### YOUR OBJECTIVE
Apart from the images, every record here needs to be copied exactly.

Segment Start: DATASET ENTRIES

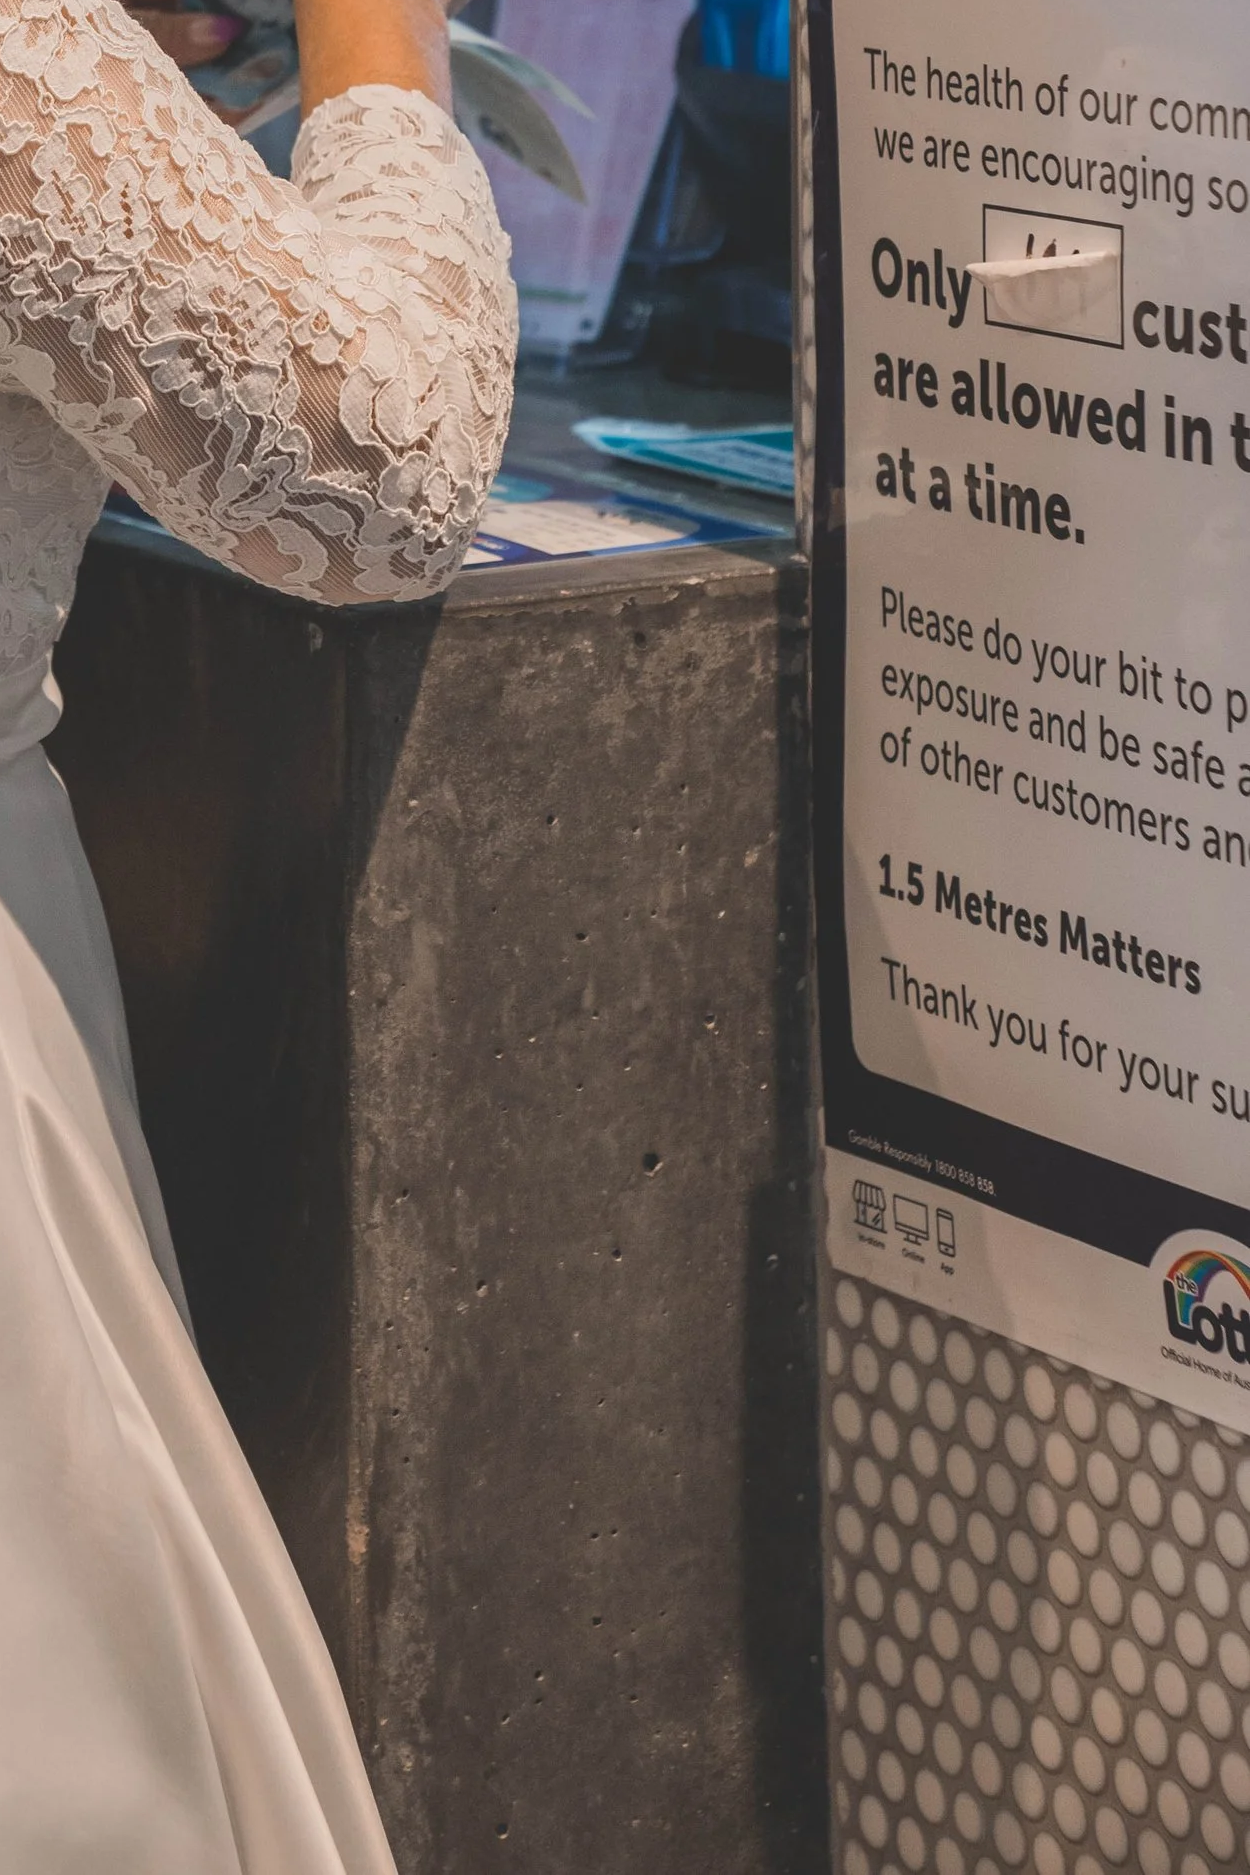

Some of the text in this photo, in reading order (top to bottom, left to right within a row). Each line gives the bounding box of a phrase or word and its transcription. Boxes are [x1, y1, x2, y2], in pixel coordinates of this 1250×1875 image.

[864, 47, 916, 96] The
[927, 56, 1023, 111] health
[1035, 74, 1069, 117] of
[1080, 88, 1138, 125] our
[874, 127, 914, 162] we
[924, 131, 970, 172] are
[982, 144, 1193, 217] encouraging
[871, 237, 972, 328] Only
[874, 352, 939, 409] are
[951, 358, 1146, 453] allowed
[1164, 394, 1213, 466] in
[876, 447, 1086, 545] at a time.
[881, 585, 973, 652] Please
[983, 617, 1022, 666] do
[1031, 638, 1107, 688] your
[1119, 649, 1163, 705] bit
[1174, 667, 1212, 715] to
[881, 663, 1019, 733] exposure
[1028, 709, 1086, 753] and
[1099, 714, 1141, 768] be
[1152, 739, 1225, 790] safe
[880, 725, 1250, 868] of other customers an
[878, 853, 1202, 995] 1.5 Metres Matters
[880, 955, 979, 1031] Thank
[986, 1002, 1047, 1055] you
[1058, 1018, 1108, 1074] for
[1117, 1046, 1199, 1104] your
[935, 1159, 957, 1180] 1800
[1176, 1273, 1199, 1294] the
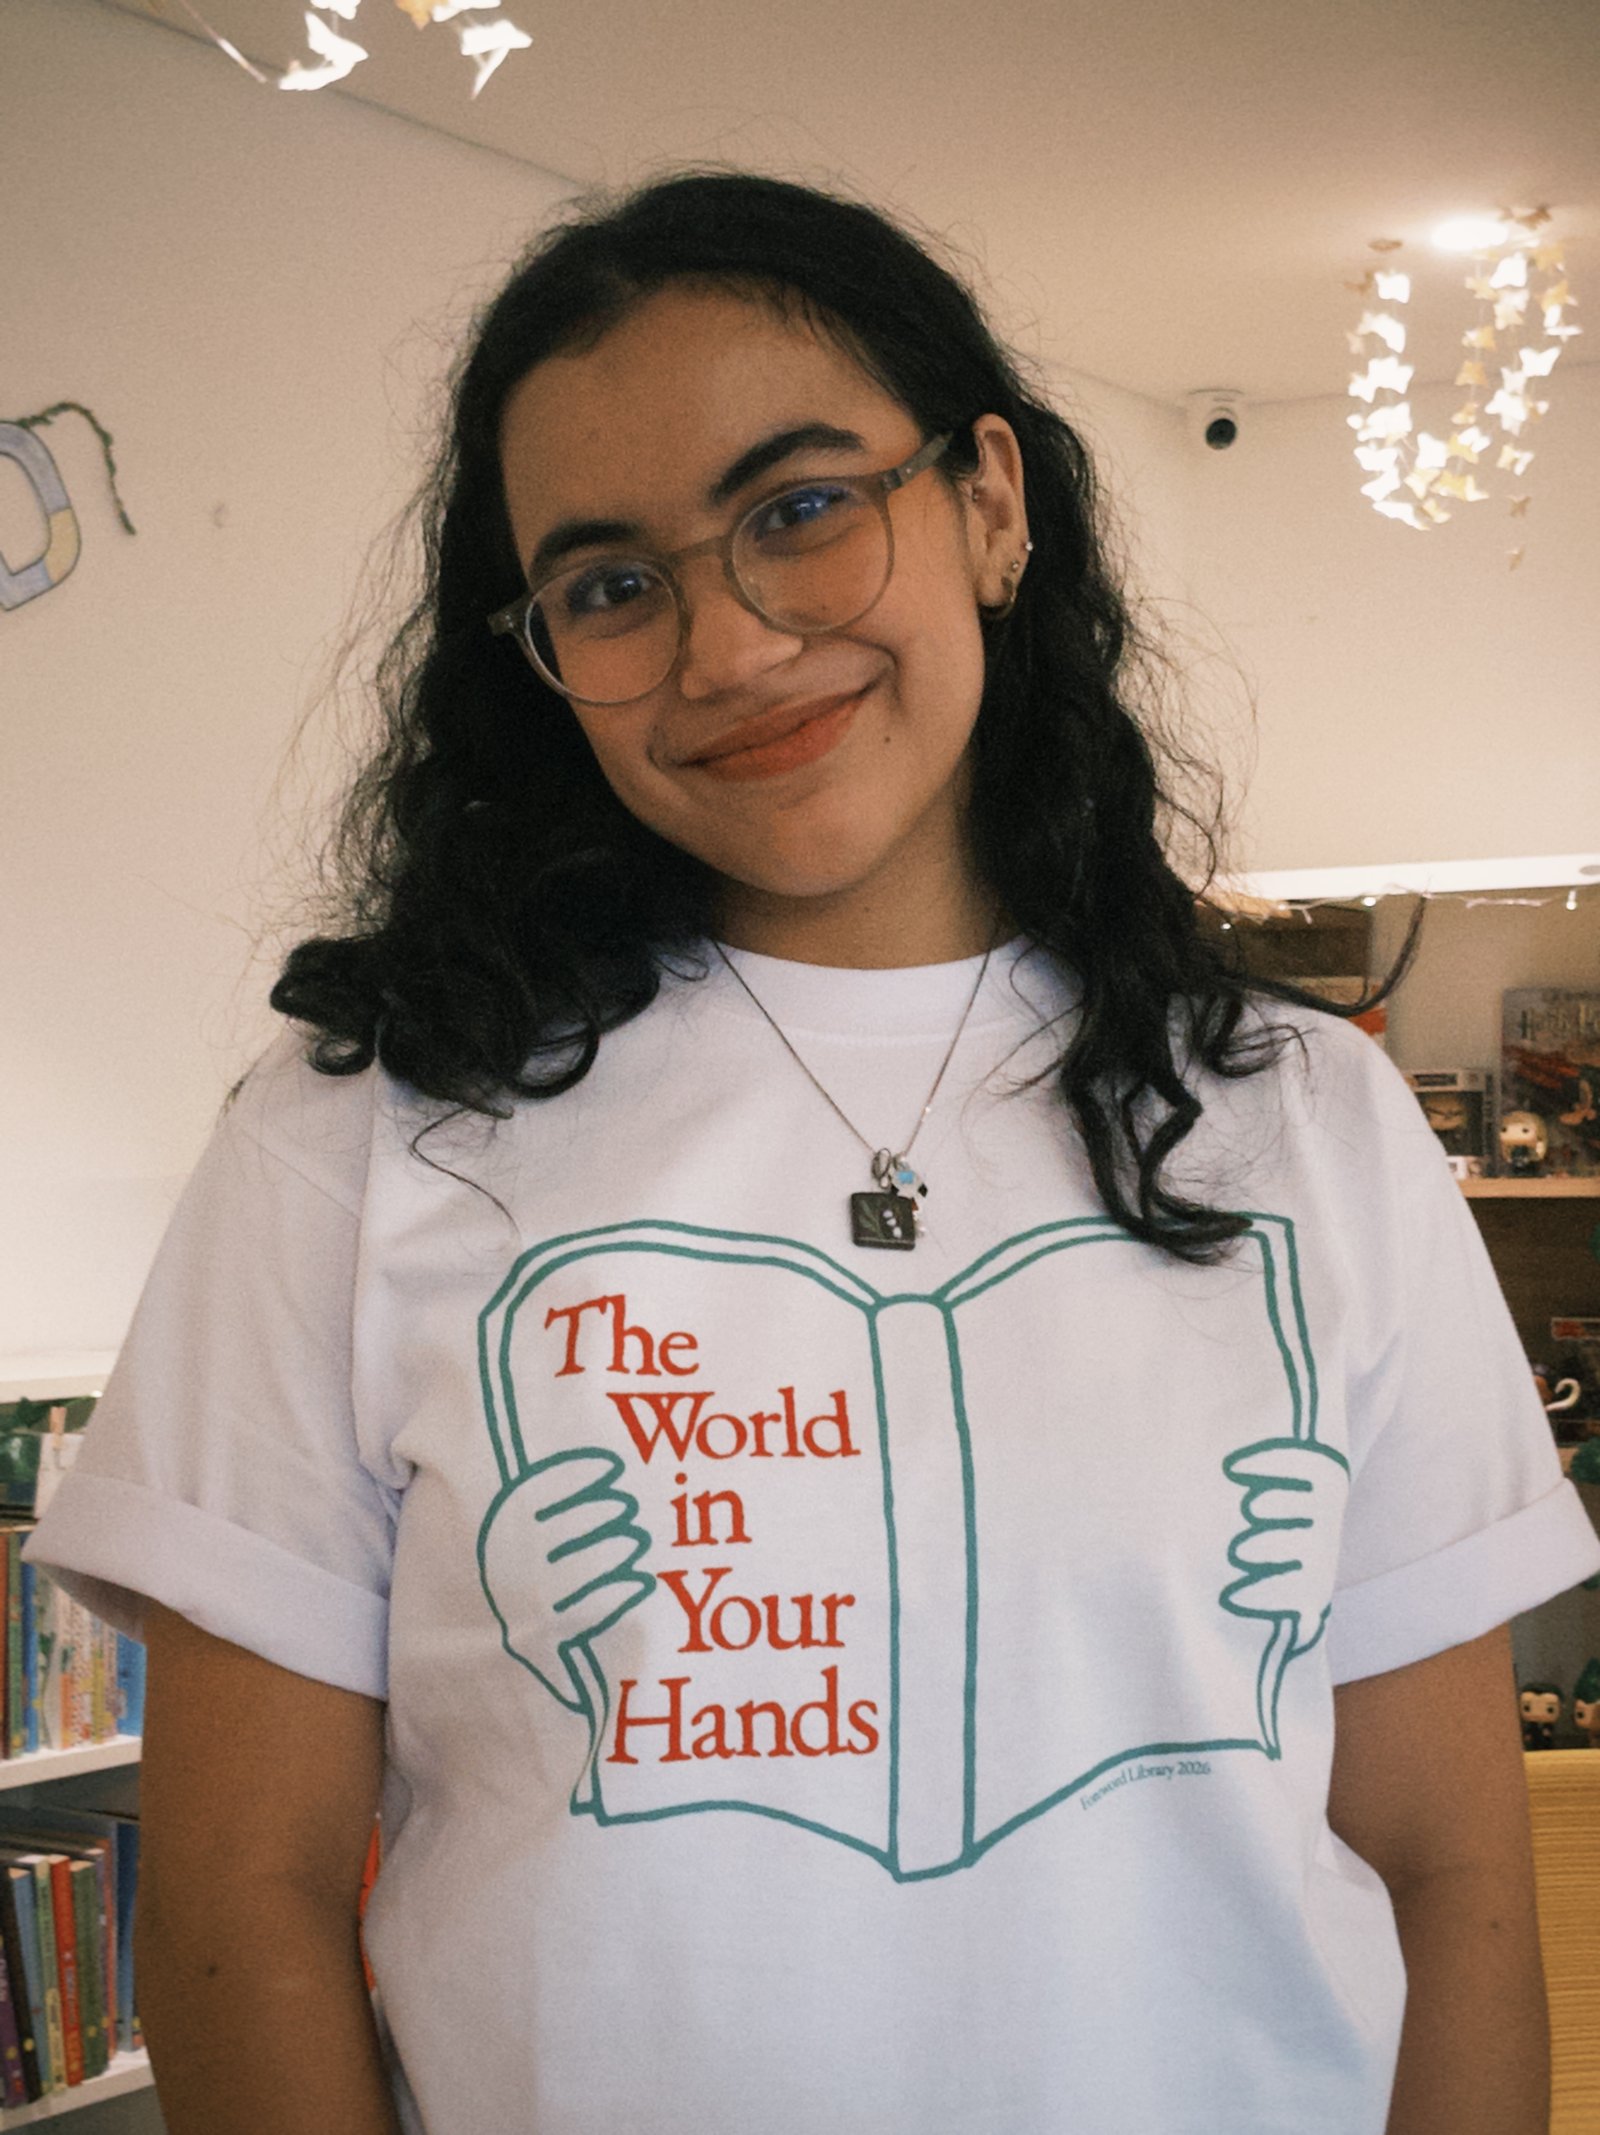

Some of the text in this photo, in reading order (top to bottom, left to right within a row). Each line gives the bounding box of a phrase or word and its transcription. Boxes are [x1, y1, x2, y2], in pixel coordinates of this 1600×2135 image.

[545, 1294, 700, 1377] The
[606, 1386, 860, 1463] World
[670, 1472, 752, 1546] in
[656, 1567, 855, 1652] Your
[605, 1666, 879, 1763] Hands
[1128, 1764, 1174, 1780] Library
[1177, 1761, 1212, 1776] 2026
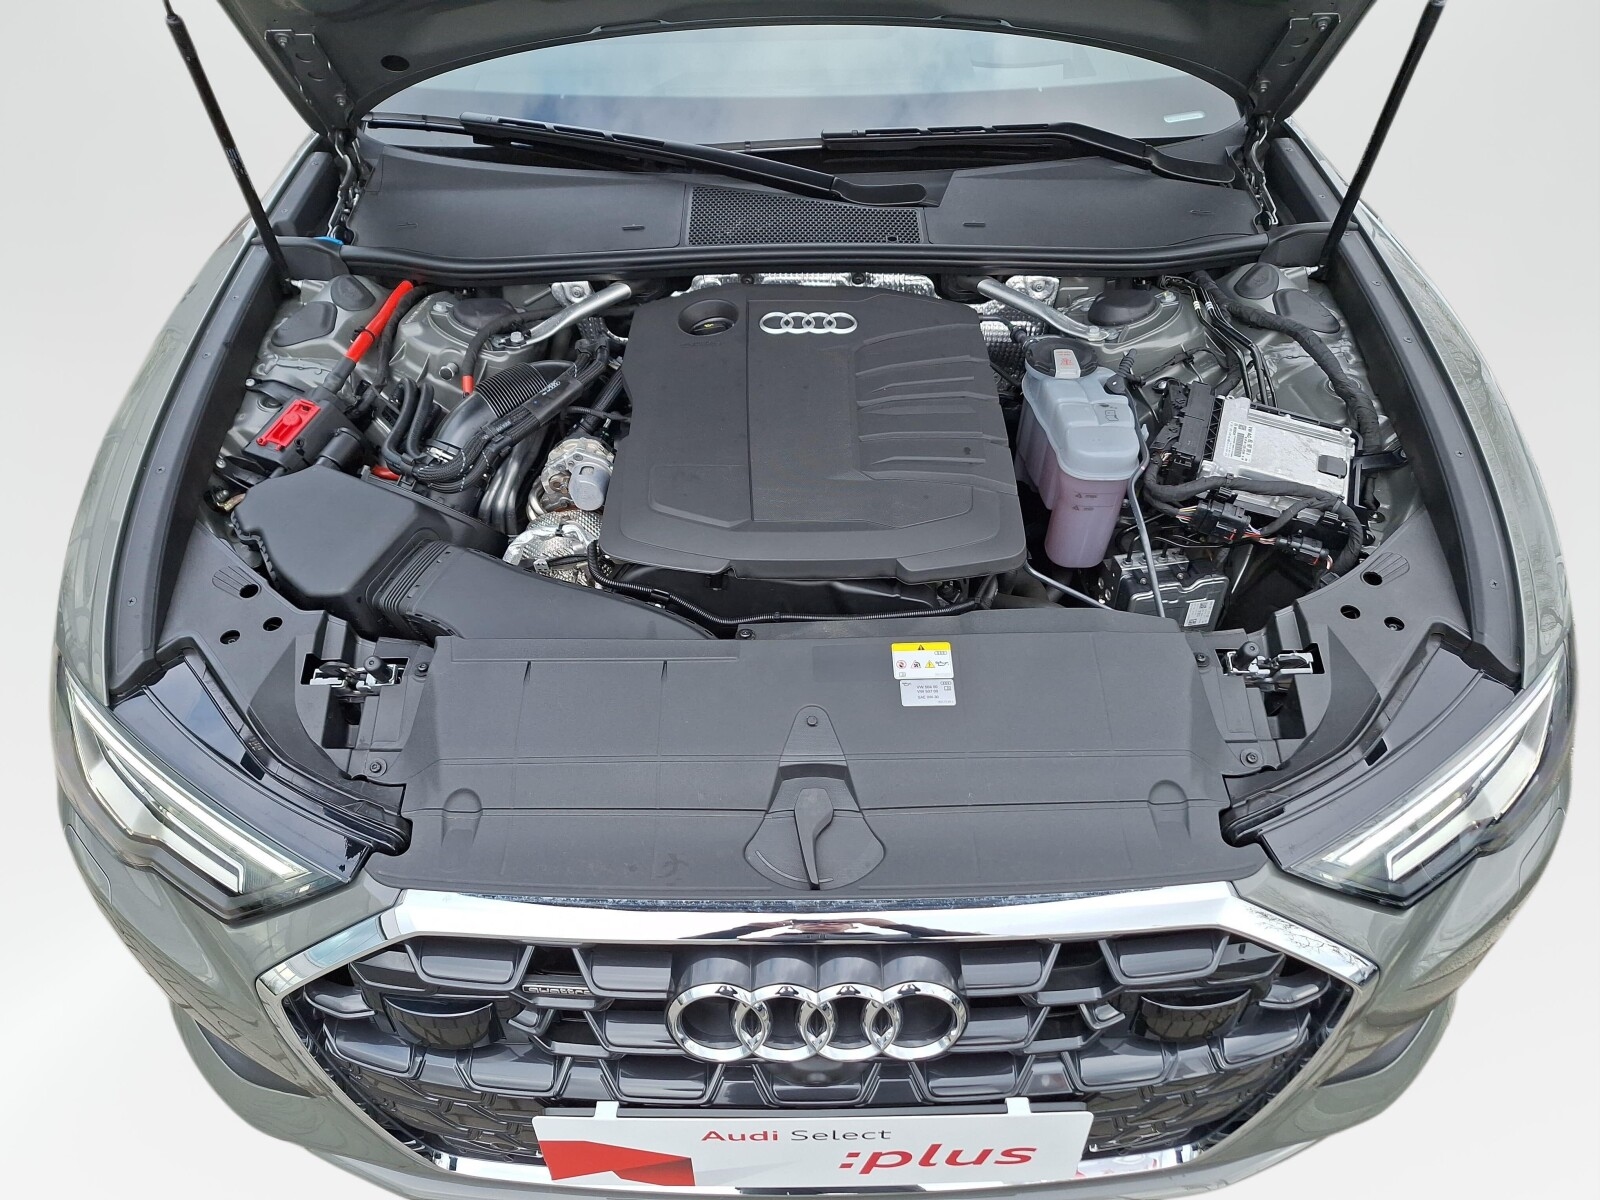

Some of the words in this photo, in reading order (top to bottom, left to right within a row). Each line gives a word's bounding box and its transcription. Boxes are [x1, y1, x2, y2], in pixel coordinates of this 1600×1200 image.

Segment End: DATASET ENTRIES

### SOLVED EXERCISE
Some of the text in this photo, in reading order (top to bottom, left to right within a row). Each line gives the bounding box of a phrase or word and its transcription. Boxes are [x1, y1, x2, y2], in pixel coordinates of this 1250×1875 image.

[864, 47, 916, 96] The
[927, 56, 1023, 111] health
[1035, 74, 1069, 117] of
[1080, 88, 1138, 125] our
[874, 127, 914, 162] we
[924, 131, 970, 172] are
[982, 144, 1193, 217] encouraging
[871, 237, 972, 328] Only
[874, 352, 939, 409] are
[951, 358, 1146, 453] allowed
[1164, 394, 1213, 466] in
[876, 447, 1086, 545] at a time.
[881, 585, 973, 652] Please
[983, 617, 1022, 666] do
[1031, 638, 1107, 688] your
[1119, 649, 1163, 705] bit
[1174, 667, 1212, 715] to
[881, 663, 1019, 733] exposure
[1028, 709, 1086, 753] and
[1099, 714, 1141, 768] be
[1152, 739, 1225, 790] safe
[880, 725, 1250, 868] of other customers an
[878, 853, 1202, 995] 1.5 Metres Matters
[880, 955, 979, 1031] Thank
[986, 1002, 1047, 1055] you
[1058, 1018, 1108, 1074] for
[1117, 1046, 1199, 1104] your
[935, 1159, 957, 1180] 1800
[1176, 1273, 1199, 1294] the

Some of the text in this photo, in reading order (top to bottom, left to right within a row). Each line gives the bounding box of a phrase or word and its transcription. Boxes are [x1, y1, x2, y2], in pixel coordinates of this 1600×2135 image.

[545, 1294, 700, 1377] The
[606, 1386, 860, 1463] World
[670, 1472, 752, 1546] in
[656, 1567, 855, 1652] Your
[605, 1666, 879, 1763] Hands
[1128, 1764, 1174, 1780] Library
[1177, 1761, 1212, 1776] 2026

Some of the words in this photo, in reading order (top to bottom, left to right within a row). Each line gives a word's bounding box and its transcription. Boxes are [x1, y1, x2, y2], in pixel coordinates of this 1600×1200 image.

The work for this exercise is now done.